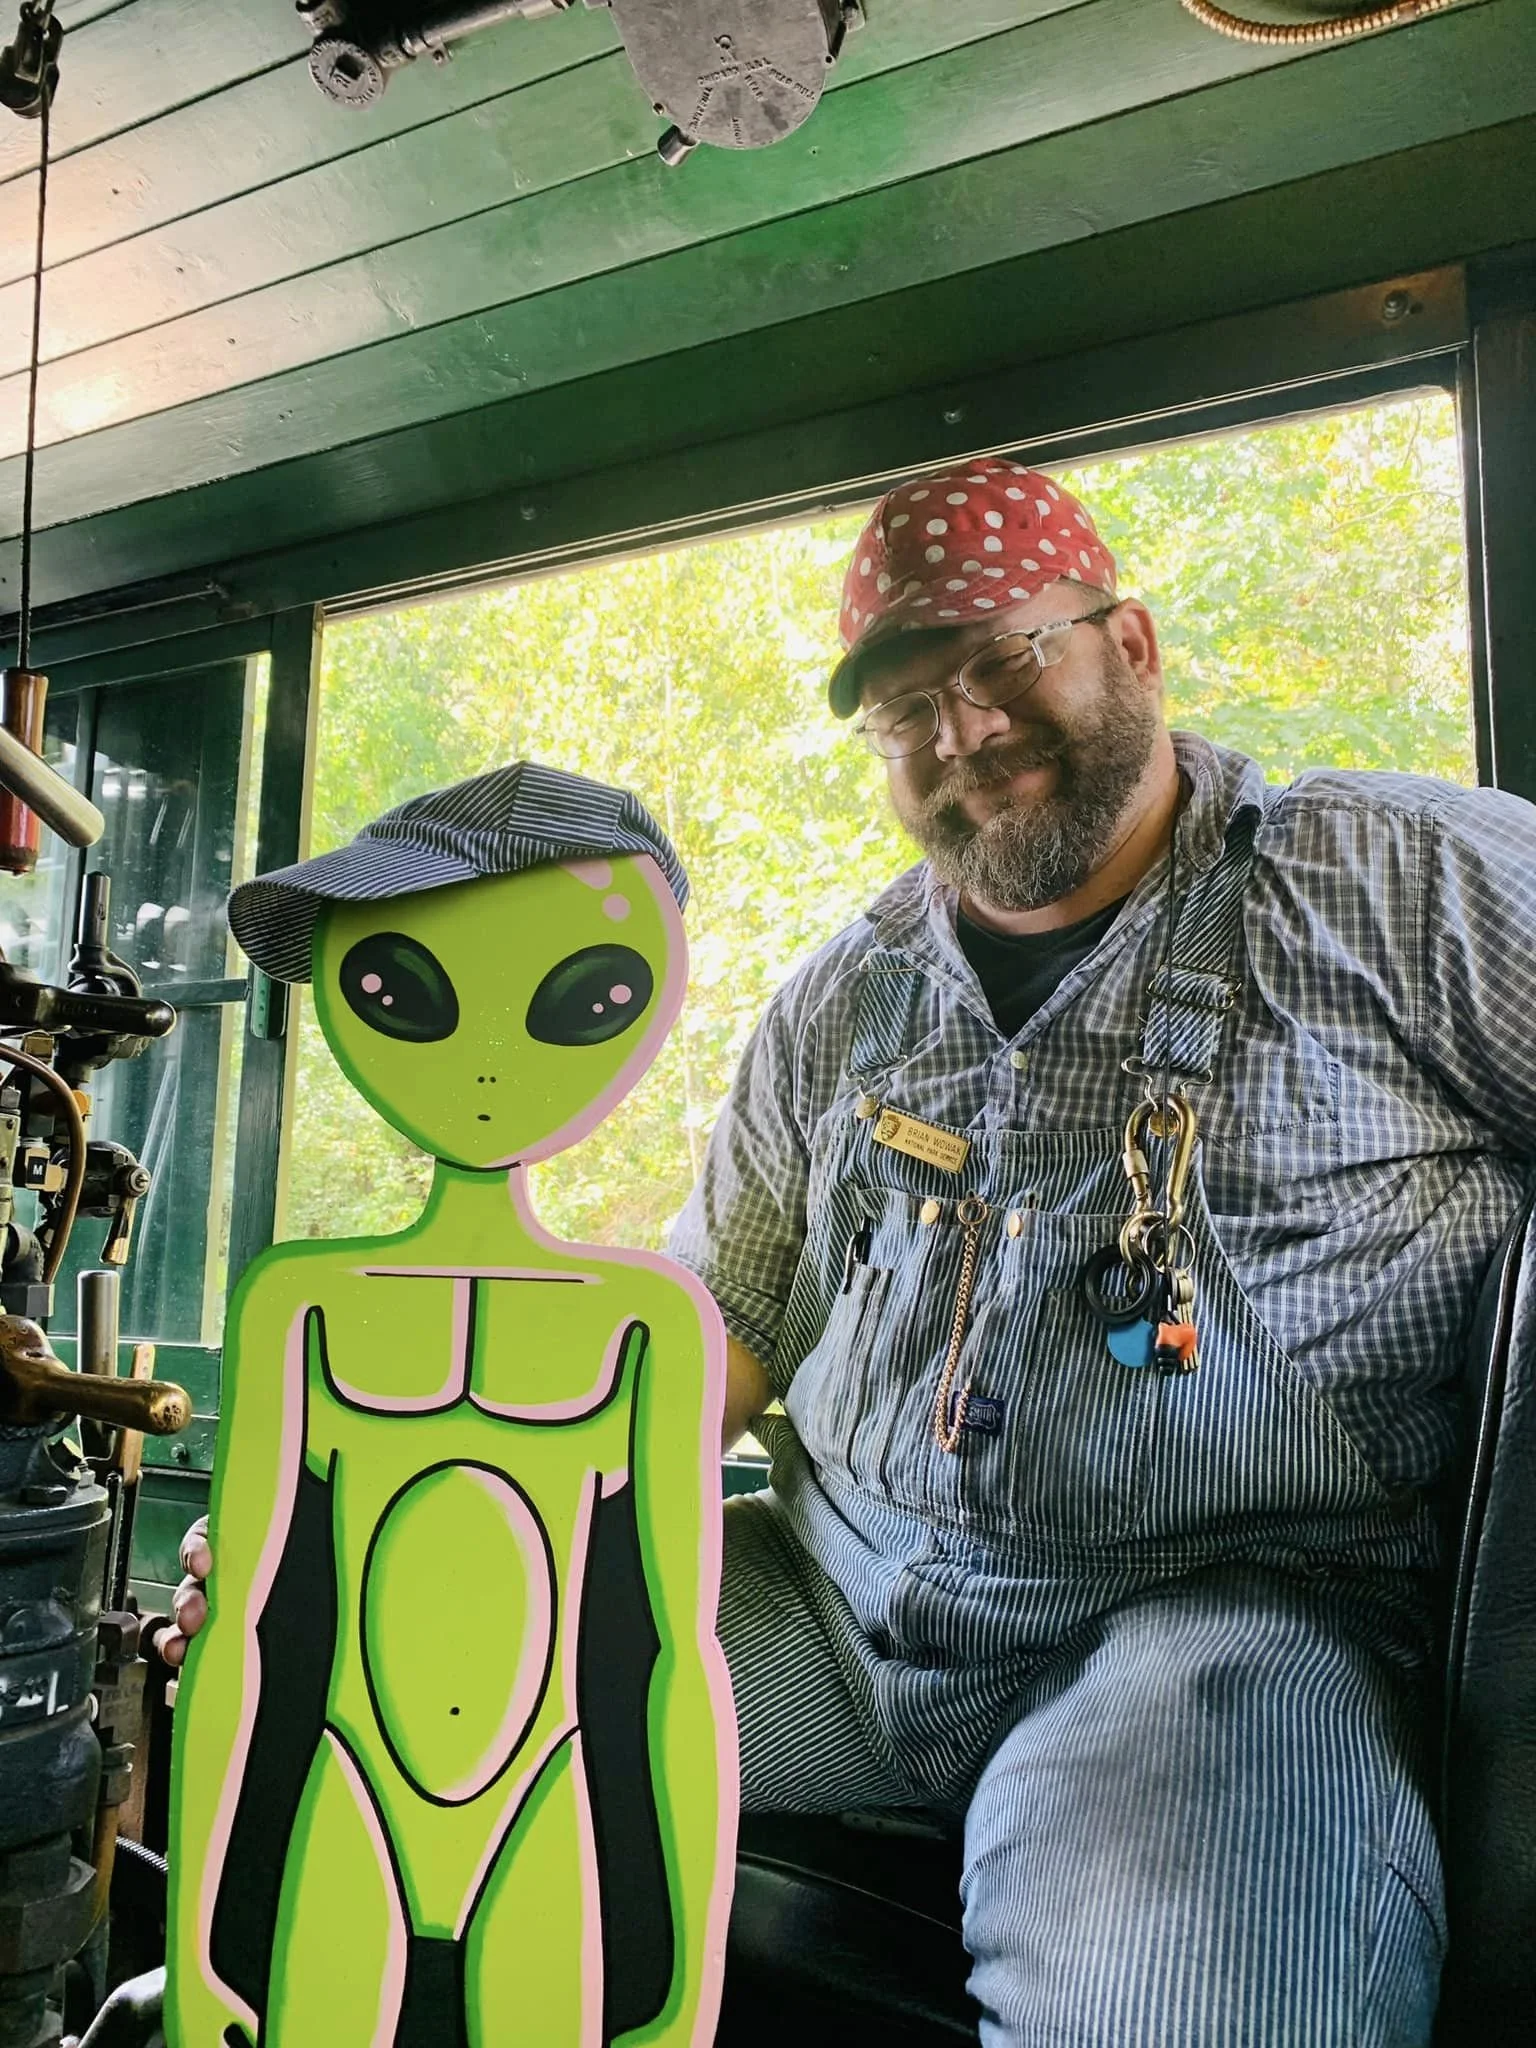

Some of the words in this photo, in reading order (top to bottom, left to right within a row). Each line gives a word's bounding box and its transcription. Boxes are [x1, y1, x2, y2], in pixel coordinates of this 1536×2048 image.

[906, 1126, 929, 1143] BRIAN
[904, 1139, 925, 1152] NATIONAL
[927, 1147, 938, 1157] PARK
[32, 1163, 43, 1176] M

________________________

TASK ITEM: The required output is the listing above reproduced exactly, pictures removed.

TASK SOLUTION:
Some of the words in this photo, in reading order (top to bottom, left to right within a row). Each line gives a word's bounding box and its transcription. Boxes are [x1, y1, x2, y2], in pixel coordinates of this 1536×2048 image.

[906, 1126, 929, 1143] BRIAN
[904, 1139, 925, 1152] NATIONAL
[927, 1147, 938, 1157] PARK
[32, 1163, 43, 1176] M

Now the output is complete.